++++ DATA TO PROCESS

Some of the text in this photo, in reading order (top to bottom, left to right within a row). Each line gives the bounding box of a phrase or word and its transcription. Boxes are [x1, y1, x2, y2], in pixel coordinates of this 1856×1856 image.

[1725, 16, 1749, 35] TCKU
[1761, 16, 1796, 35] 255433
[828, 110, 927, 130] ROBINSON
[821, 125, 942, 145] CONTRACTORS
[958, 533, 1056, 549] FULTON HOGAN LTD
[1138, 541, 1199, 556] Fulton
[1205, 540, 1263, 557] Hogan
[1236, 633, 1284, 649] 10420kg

++++++++

*EXERCISE OBJECTIVE:*
Take the entries and print them exactly. Keep every line.

*COMPLETED EXERCISE:*
Some of the text in this photo, in reading order (top to bottom, left to right within a row). Each line gives the bounding box of a phrase or word and its transcription. Boxes are [x1, y1, x2, y2], in pixel coordinates of this 1856×1856 image.

[1725, 16, 1749, 35] TCKU
[1761, 16, 1796, 35] 255433
[828, 110, 927, 130] ROBINSON
[821, 125, 942, 145] CONTRACTORS
[958, 533, 1056, 549] FULTON HOGAN LTD
[1138, 541, 1199, 556] Fulton
[1205, 540, 1263, 557] Hogan
[1236, 633, 1284, 649] 10420kg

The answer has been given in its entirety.